Youth and Worship Pastor Jeremy Zoet will be on sabbatical from August 5 to October 1. During this time he will not respond to calls, texts, or emails. In his absence please direct all communication to the following people:
Worship: Sarah McAnally at (810) 434-6841 or feelinsnappy@gmail.com.
Middle School Youth: Rachel Verbrugge at (616) 258-3291 or verbrugge.family@att.net.
High School Youth: Shanda VandePol at (616) 308-0700 or shandavandepol@yahoo.com.
If an emergency arises, contact Pastor Greg at (616) 340-7785.
Serve the World
This Sunday, Chris Winkler of Wycliffe USA will share a ministry update. If you would like to learn how we as a church or you yourself can further support missionaries, the Zion Missions Team is hosting a discussion led by Chris on “Missionary Care 101” in the sanctuary following the service. If you would like to get involved in Zion Missions, this is a great place to start.
City Chapel continues to meet throughout the summer and recently celebrated the completion of a Vital Worship grant that helped fund their worship leader and some cool art events this past year. Like many churches in not on the lake shore, they have seen their attendance drop a little this summer, but continue to see new people each week. Please continue to pray for Ron and Anna and the entire City Chapel team as they strive to reach the downtown community with the gospel of Jesus.
Administrative Details
Mark your calendars, our next Leaders Meeting will be on Sunday, August 25 from 5-7 pm. This will be a great night of food, worship, ministry specific training, and great time with friends. In addition, we will be conducting our annual training about our child protection policies this night. If you volunteer with children or teens in any capacity in our church, you are strongly encouraged to attend this meeting. You cannot serve in these roles without going through this training and a background check. We look forward to seeing you there. In addition, Rob Holland from Lifeline Community Church will be with us to share some stories of what God is doing through your support of Lifeline to change lives in Wyoming.

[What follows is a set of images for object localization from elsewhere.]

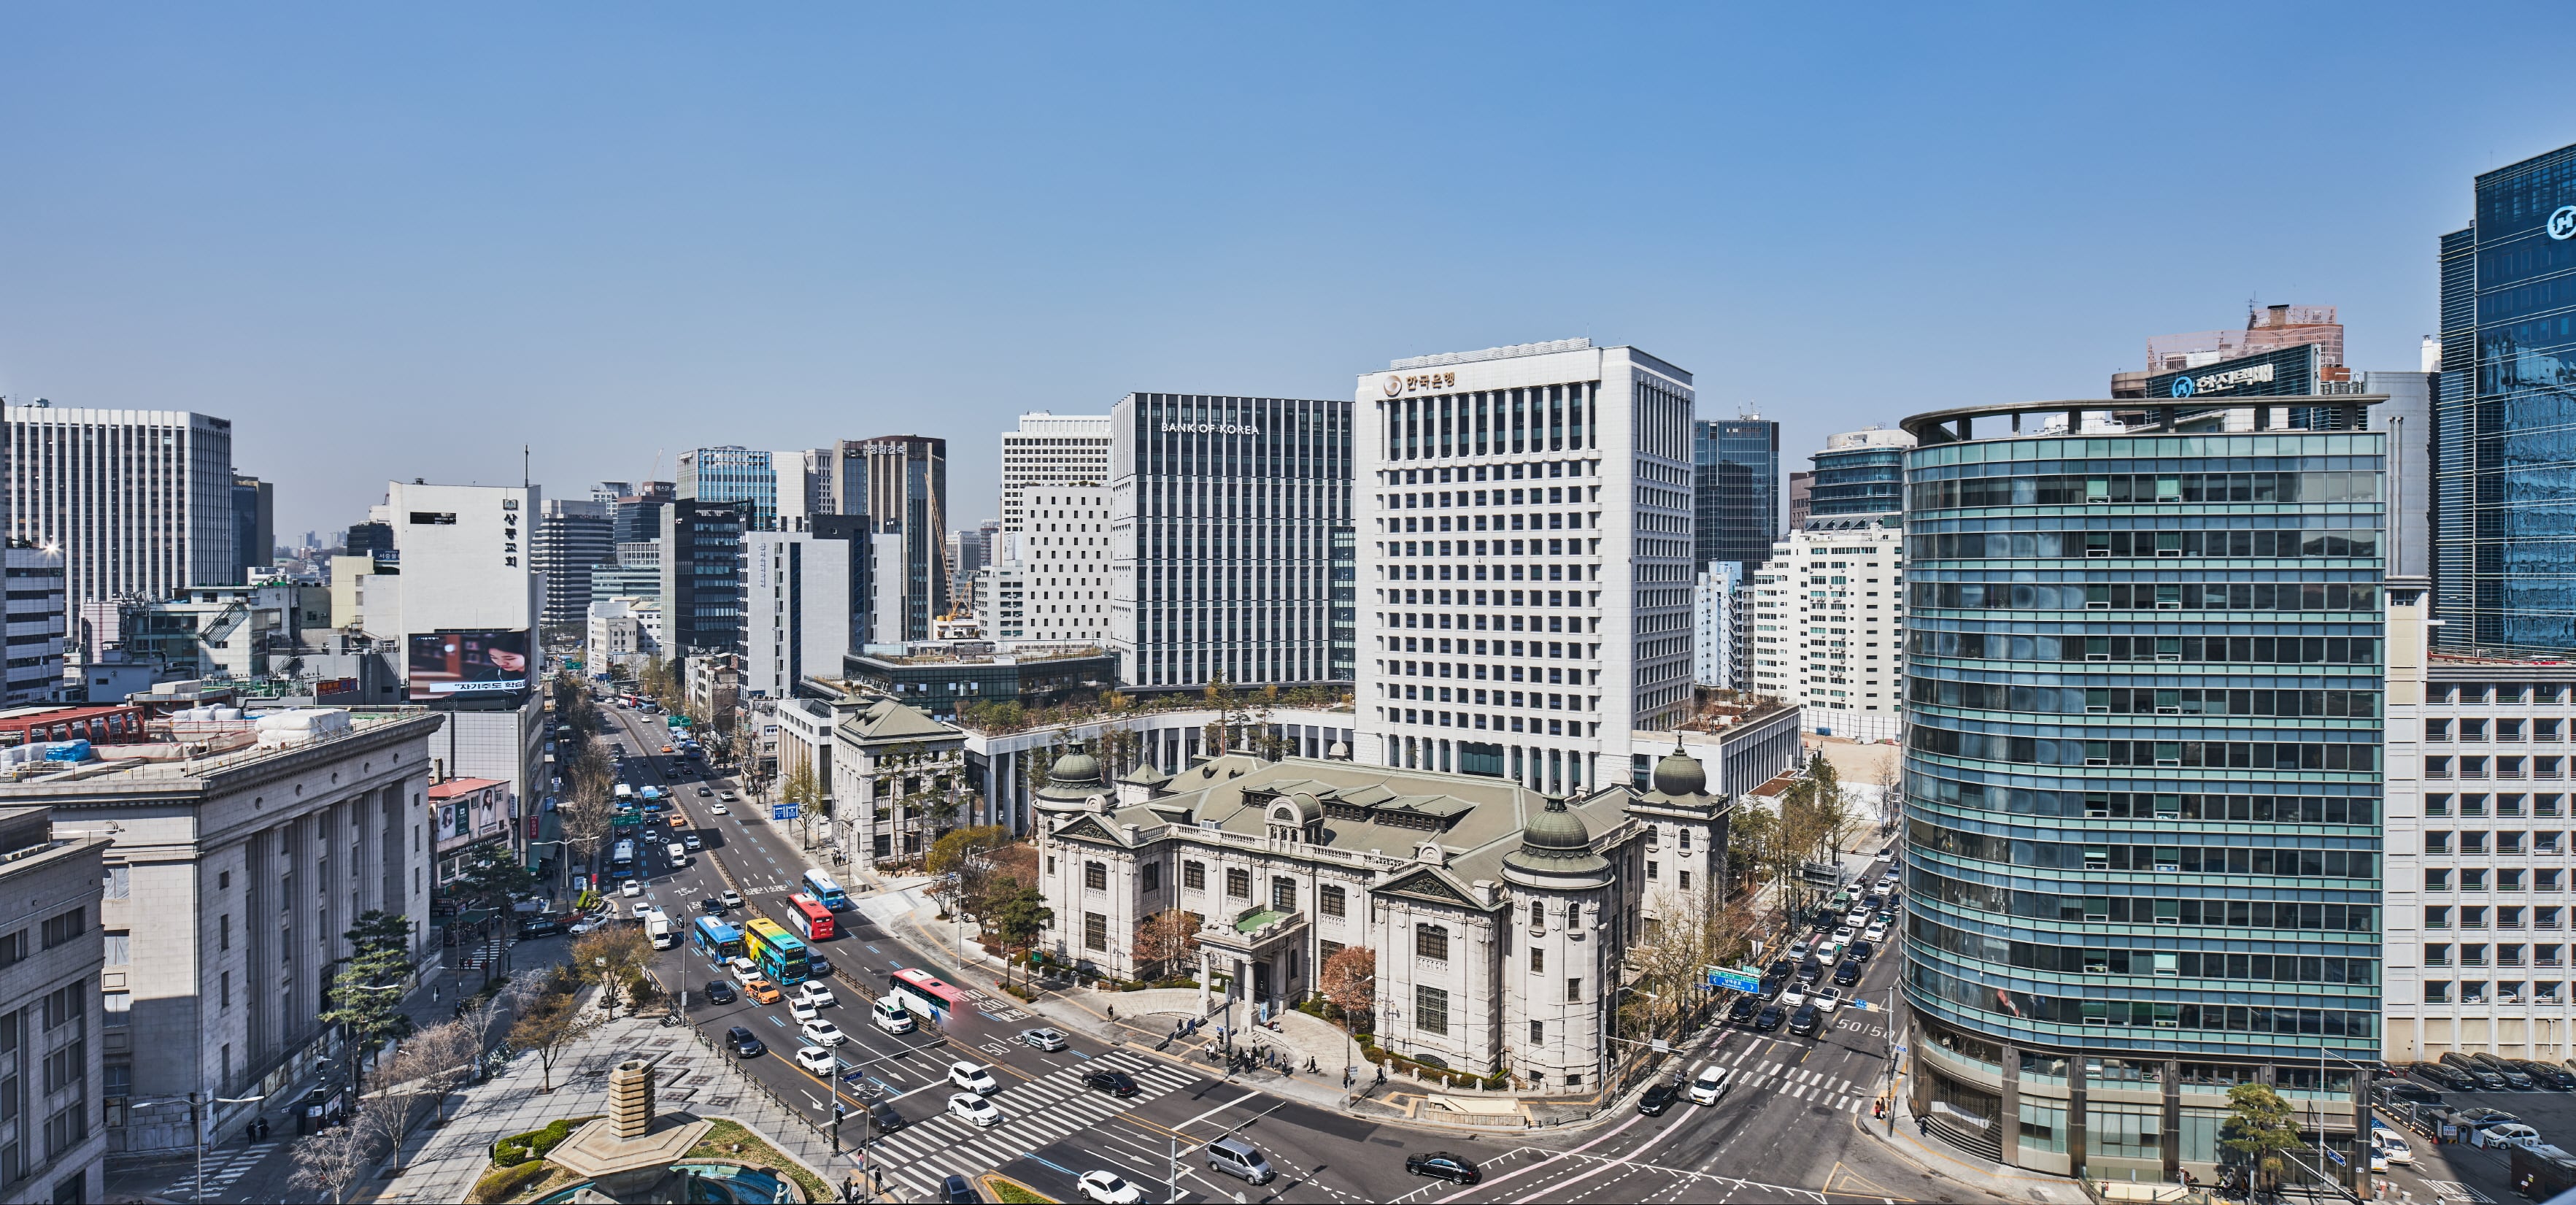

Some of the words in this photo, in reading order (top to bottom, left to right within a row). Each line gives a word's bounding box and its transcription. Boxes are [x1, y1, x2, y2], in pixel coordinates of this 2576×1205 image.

[1405, 371, 1455, 392] 한국은행
[2195, 363, 2273, 393] 한진택배
[1161, 423, 1196, 433] BANK
[1199, 424, 1215, 434] OF
[1219, 425, 1260, 435] KOREA
[504, 513, 517, 568] 상동교회
[1836, 1019, 1862, 1032] 50
[979, 1042, 1011, 1056] 50

We still need adults to serve in our childcare for this evening. If you attend Leaders Meetings regularly and your children enjoy the childcare, I would urge you to consider taking a turn to serve during the meetings as well. You can sign-up through the Connection Card this Sunday. Currently, no adult has volunteered to serve.
We continue to thank God for his provision of all of our needs and for the generous support of our congregation with their time, talent, and treasures.
Fiscal Year to date budget: $122,010.02
Fiscal Year to date contributions: $97,131.05
Consistory Communiqué
Each month, the consistory of Zion will provide a “snapshot” of their discussions, decisions, and points of information to keep the congregation better informed. The minutes are included as an attachment. Comments and questions can be easily shared using the Google Form included below. These comments and questions will be shared as points of information during our next Consistory meeting. Furthermore, you are encouraged to contact an elder for additional clarification or discussion.
August Consistory Meeting
- The Reformed denomination continues to wrestle with questions on sexuality, among other issues. Multiple options to resolve this debate were proposed during Synod 2019 and will be voted on during Synod 2020. As Synod 2020 approaches, consistory is looking at providing more insight and possible teaching on these topics.
- Following an audit on Camp Zion, Consistory is considering changes that include an increased focus on targeting more academically and socially at-risk kids through West and Central Elementary Schools.
- One of Zion’s goals for the next 90 days is to begin the process of reviewing and redesigning the youth group ministry.
- Andrew Moore from Community Reformed in Zeeland has begun the process of planting a church in Grandville. Andrew will be sharing more on this church plant with Consistory in September.